Hedge your risk, not your cashflows
You don't need to square your book so that there is no net payment anywhere. You do need to hedge the interest rate risk.
Trying to match the fixed rate payments and ending up with a remainder on the floating side is not a good result; it replaces one dependence on future interest rates with a more complicated dependence.
The biggest risk is on the float leg payments; the fixed leg payments are known, so they are not at a great risk of fluctuating in value.
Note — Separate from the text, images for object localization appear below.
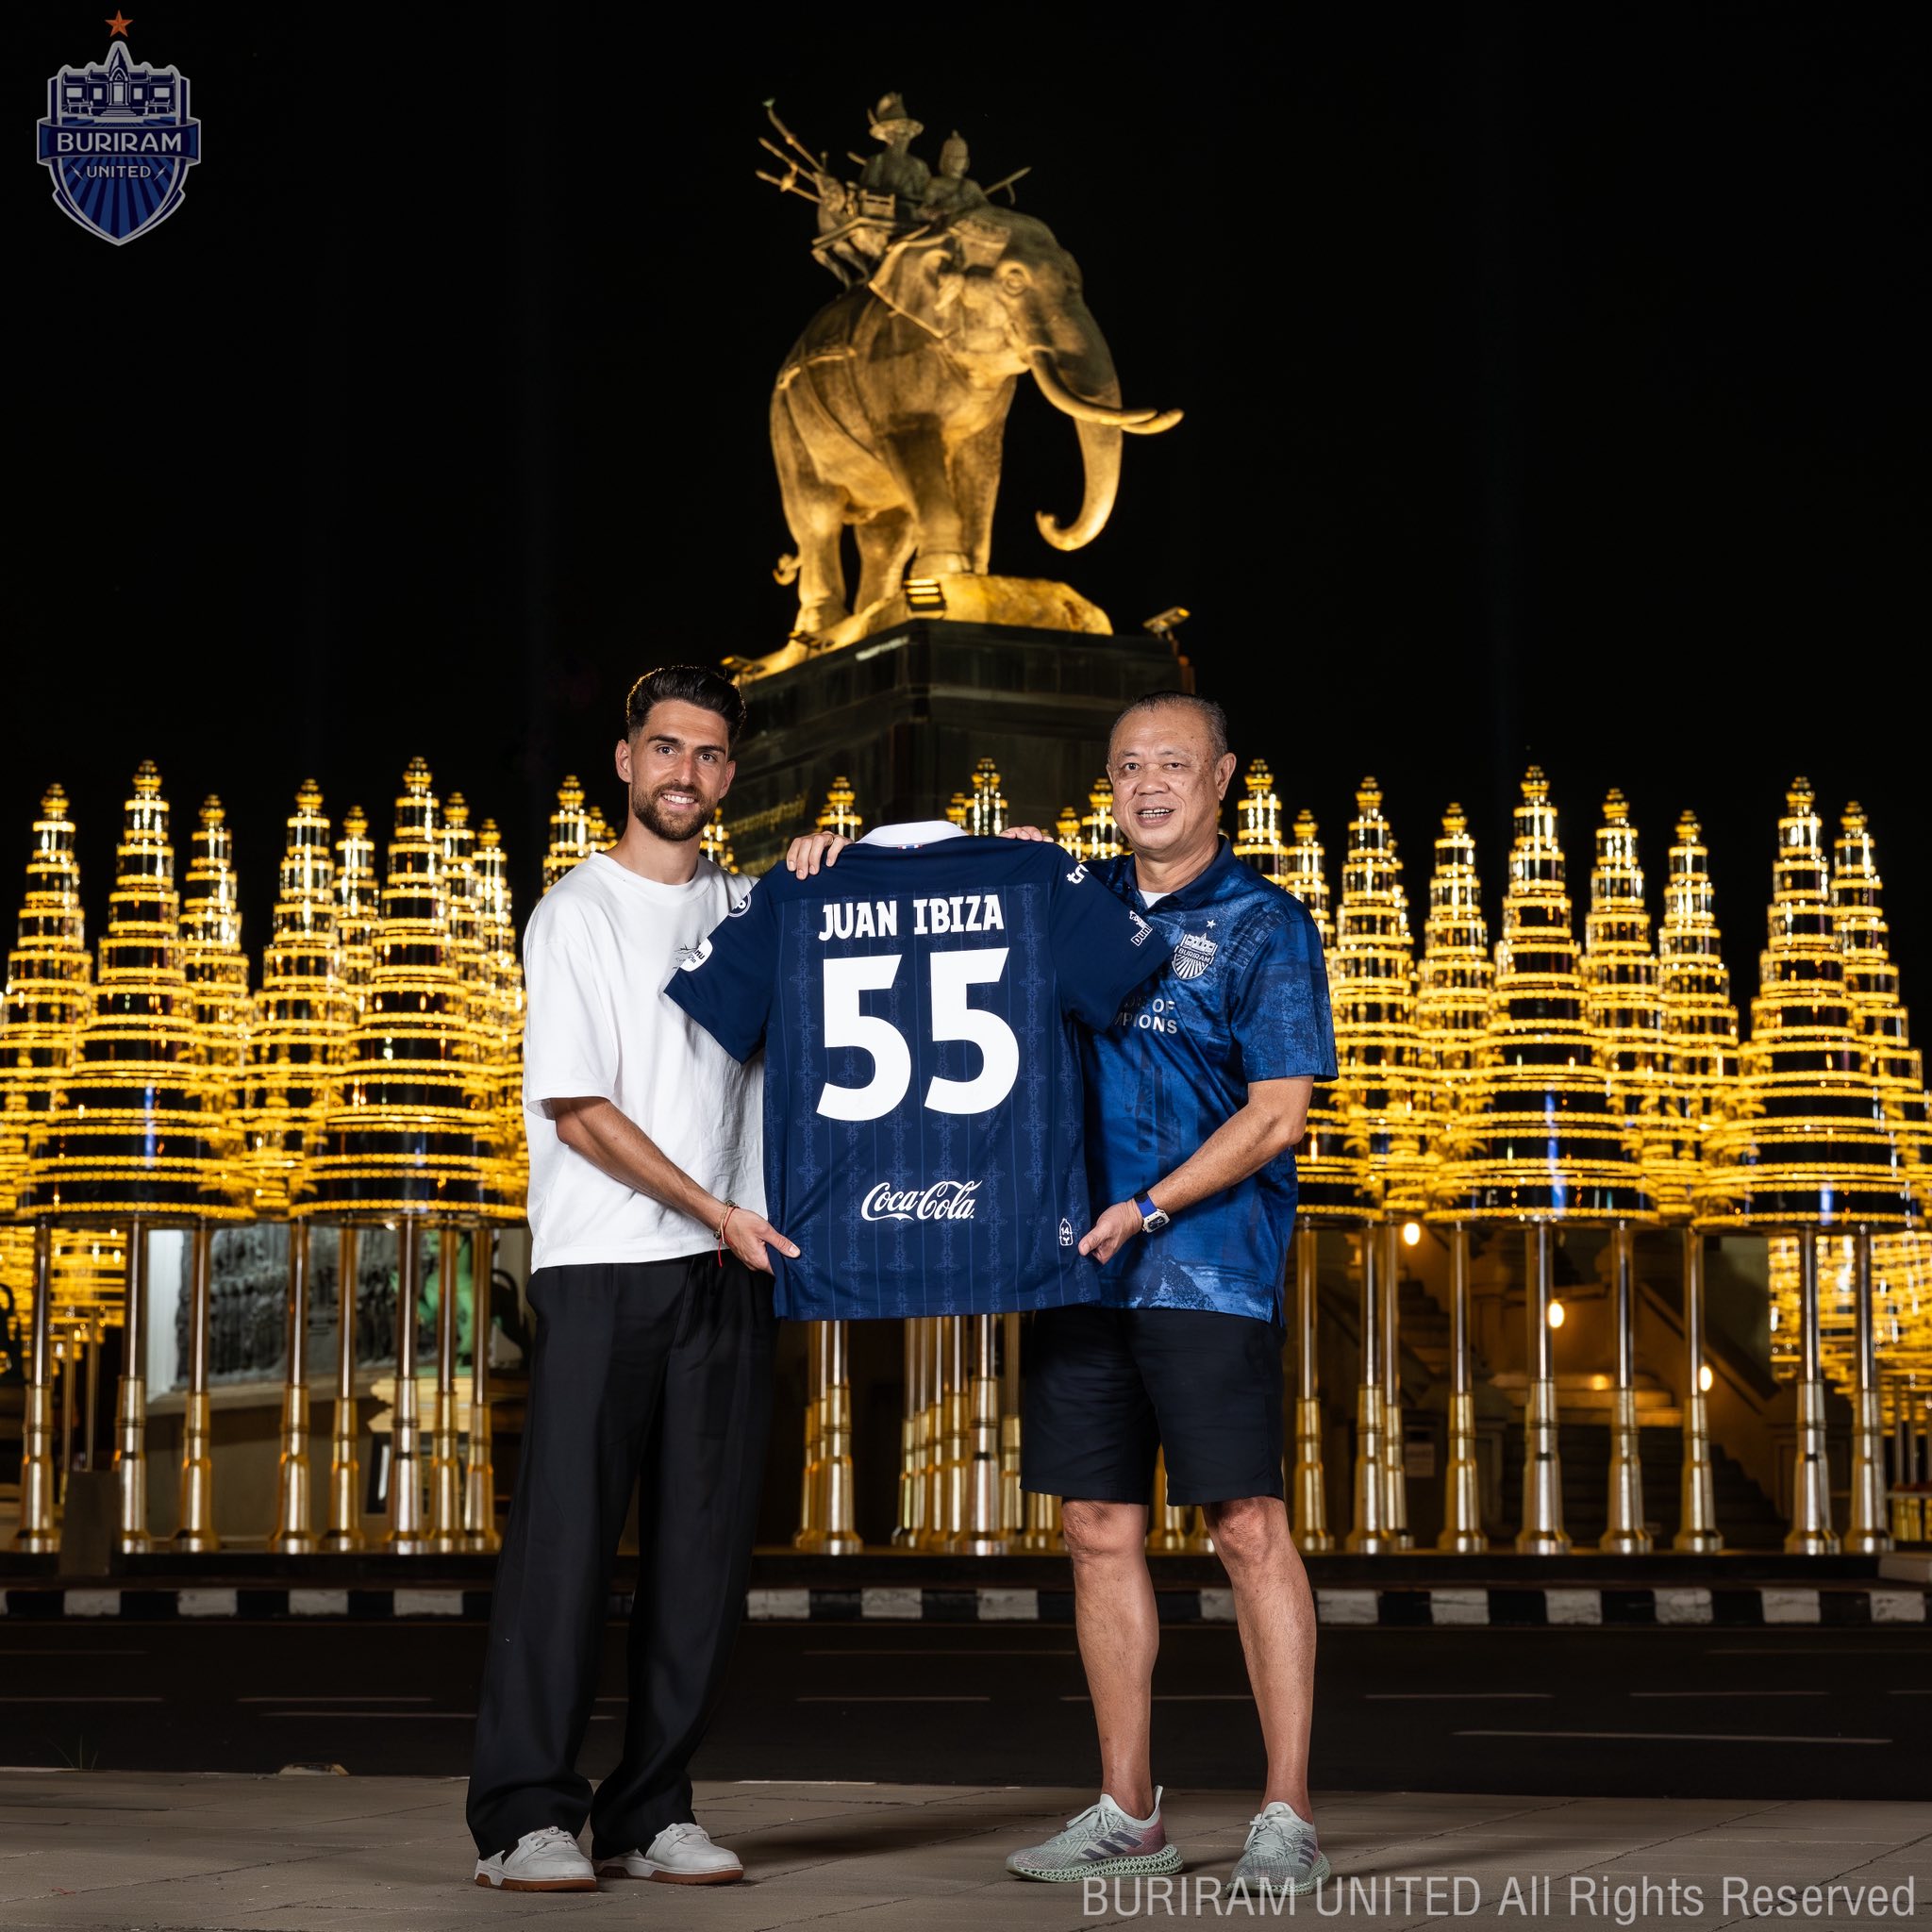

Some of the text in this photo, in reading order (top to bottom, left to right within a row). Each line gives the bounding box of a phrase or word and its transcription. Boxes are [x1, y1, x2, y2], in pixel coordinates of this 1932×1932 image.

[818, 894, 1005, 941] JUAN IBIZA
[1177, 946, 1211, 963] BURIRAM
[1152, 998, 1175, 1014] OF
[815, 947, 1020, 1122] 55
[1061, 1226, 1070, 1236] 14
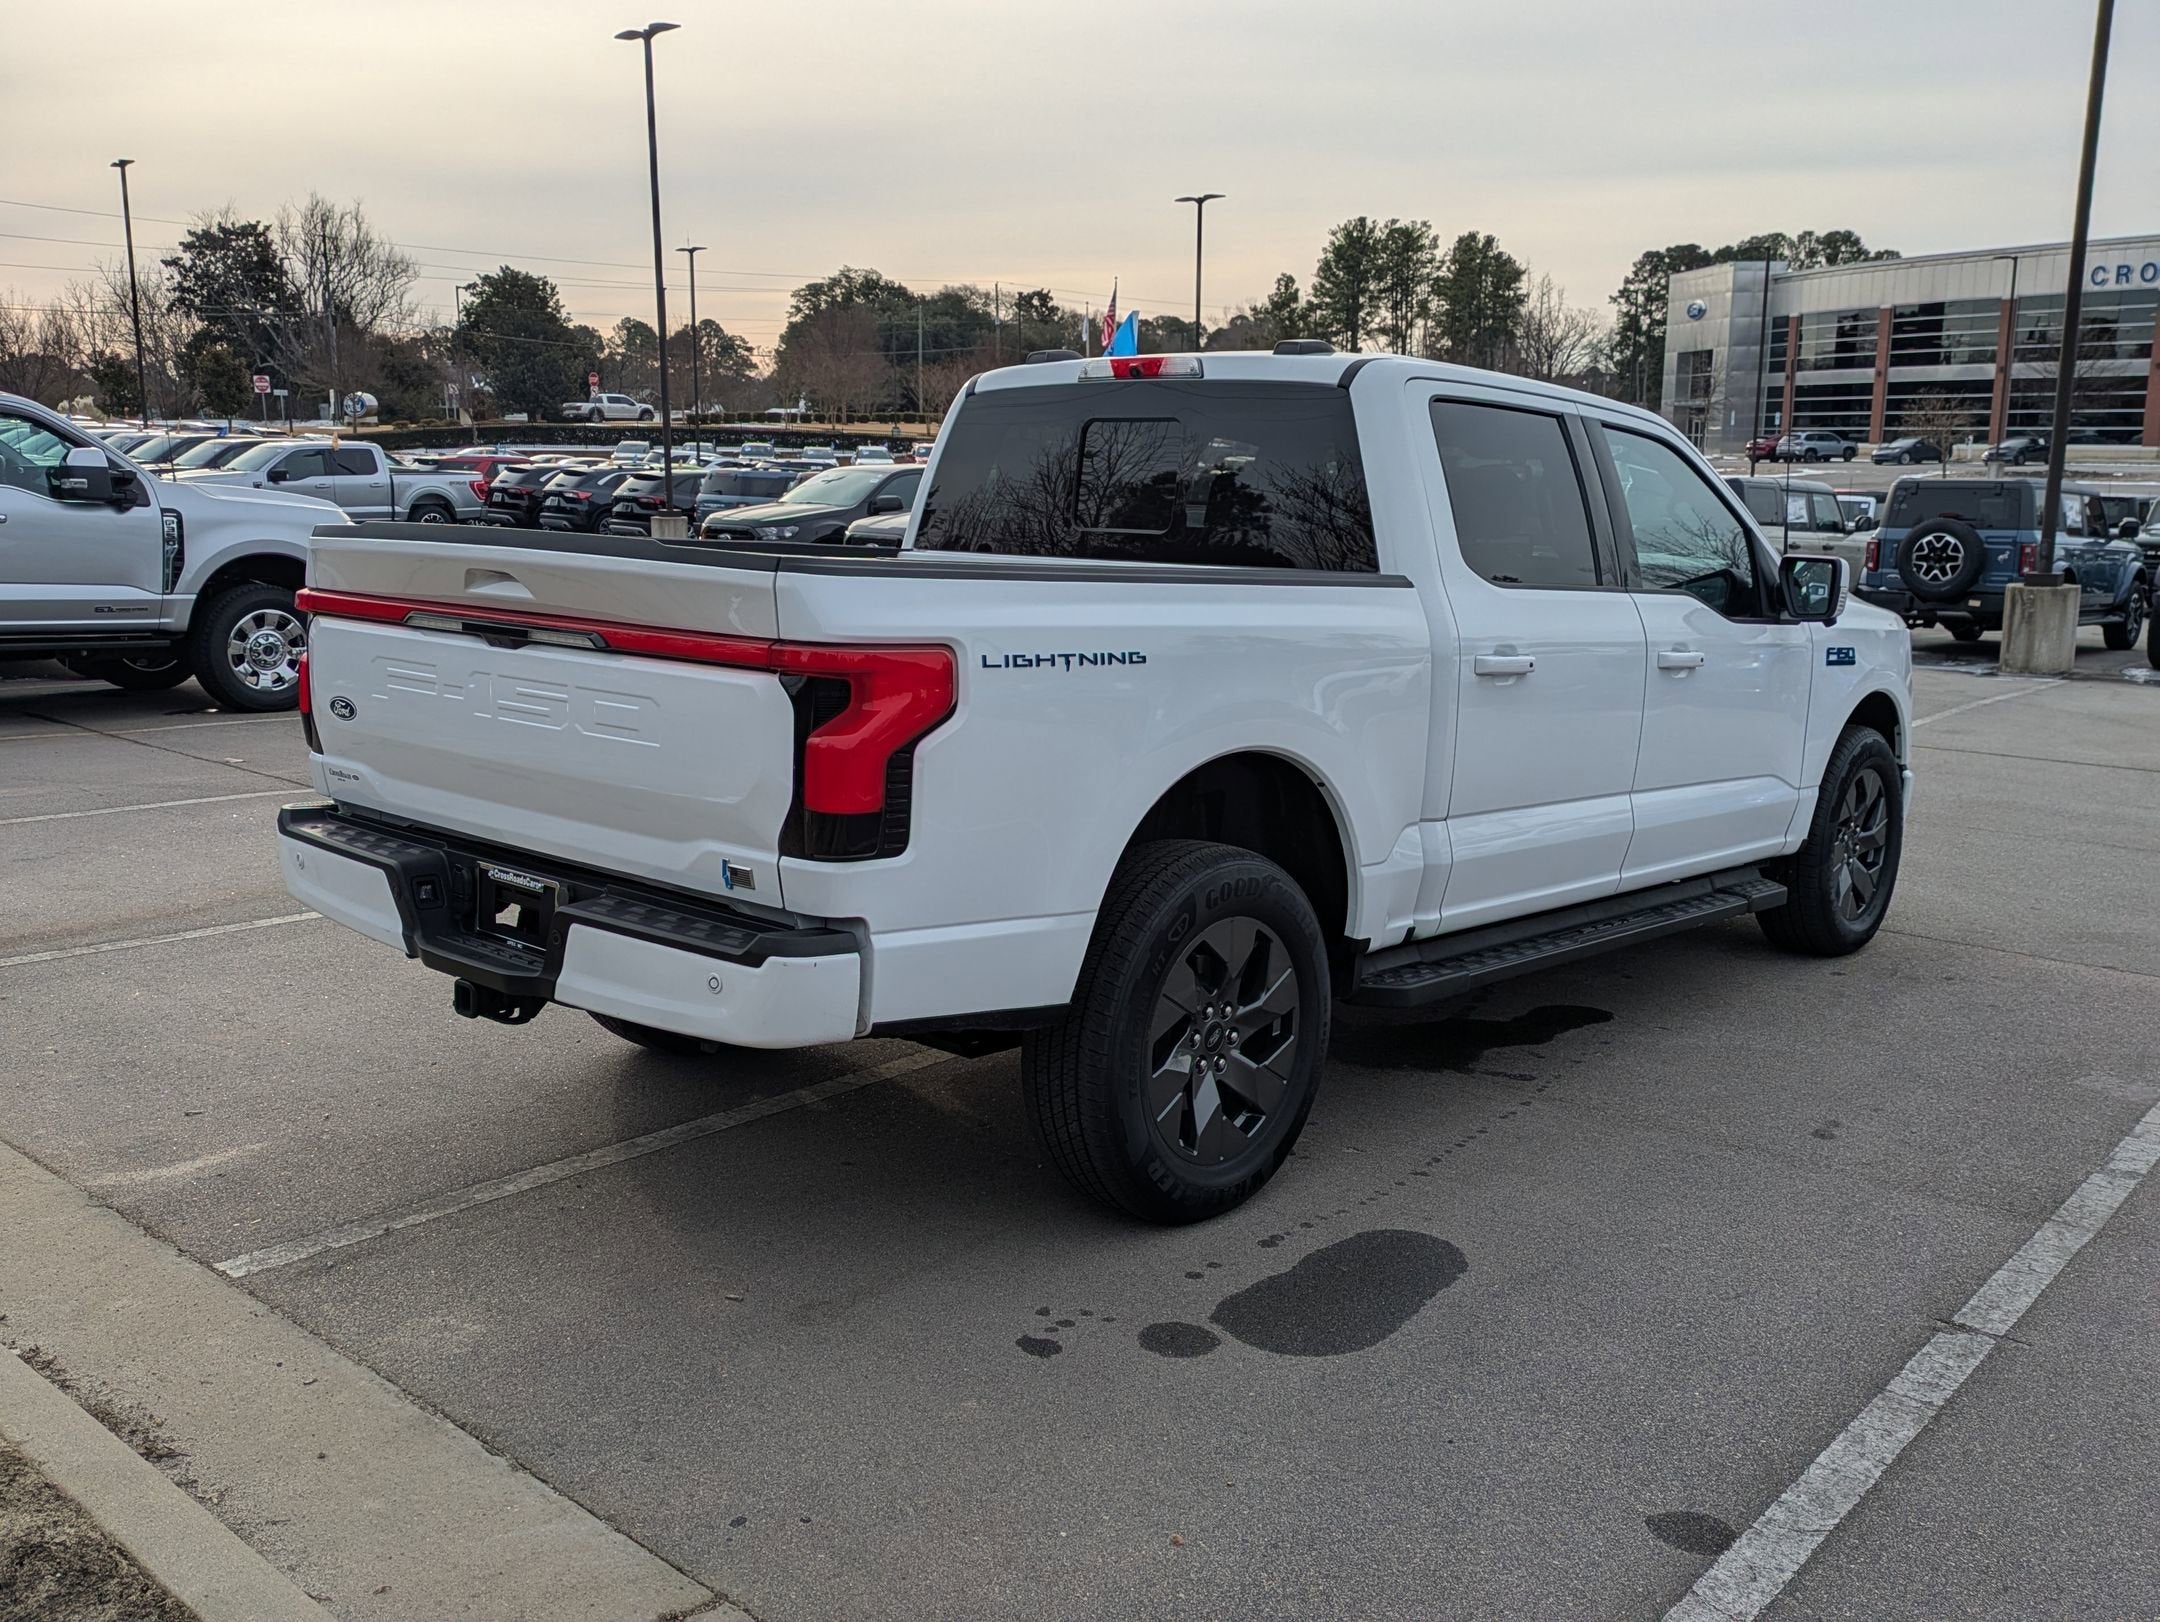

Ideally, match the notional structure of the swap
You can hedge the floating rate risk by matching the notionals on a series of swaps; suppose your swap notional has 2 steps from A->B and then B->C. Then we can use 3 swaps with notionals C (the lowest, running to maturity), B-C (covering the delta to the second step) and A-B (covering the delta to the first step).
There is a choice, then, on the fixed side of those swaps. Either we do them at the same fixed coupon as the original swap, and accept that we will pay or receive upfront for the nonzero present value, or we trade those at par for zero present value and accept that there will be a nonzero coupon balance at each cashflow date. In theory these are equivalent as you would expect to borrow/lend any upfront PV, but in practise you might have a view on which you prefer.
But you may need to compromise for liquidity
Hedging with liquid instruments (10y is much more liquid than 8y, for example) is generally more efficient as spreads are tighter. In tandem with that, the market usually hedges less liquid maturities using more liquid ones anyway (8y hedged with 5y and 10y) so it may prove operationally better to instead calculate your amortising swap's sensitivity to shifts in the key liquid swaps (e.g. 1, 2, 5, 10, 20, 30y), and hedge those sensitivities.
Such hedges (and even our ideal hedge) still need monitoring for their adequacy, but usually that is managed by looking at the whole book rather than individual swaps like this. It would, however, feature in the PV calculations for collateralisation.
Beware dates
Replacing a swap with one maturity with a set of swaps with different maturities can sometimes come undone with small differences in date schedules, particularly around ends of months, so care should be taken not to accidentally end up needing to cover the gap between one swap paying and another receiving.
Secondary interest rate risk
The secondary (much smaller) effect of interest rates is to change the discounting of the cashflows; a fixed leg still has a small value dependence on interest rates, so you may want to also cover that in some way. This kind of risk, however, is more easily managed by calculating an overall sensitivity and hedging that by adjusting the swap hedge slightly, rather than by trying to eliminate it entirely.
Beware principal repayments doing this cross currency
Unlike IRS, cross currency swaps usually trade with an exchange of principal. If your cross currency swap amortises, then there will be principal payments at some points in the schedule, which will need to match those in the hedging swaps. These payments are a much bigger deal than coupon cashflows, and forward exchanges are often not at par.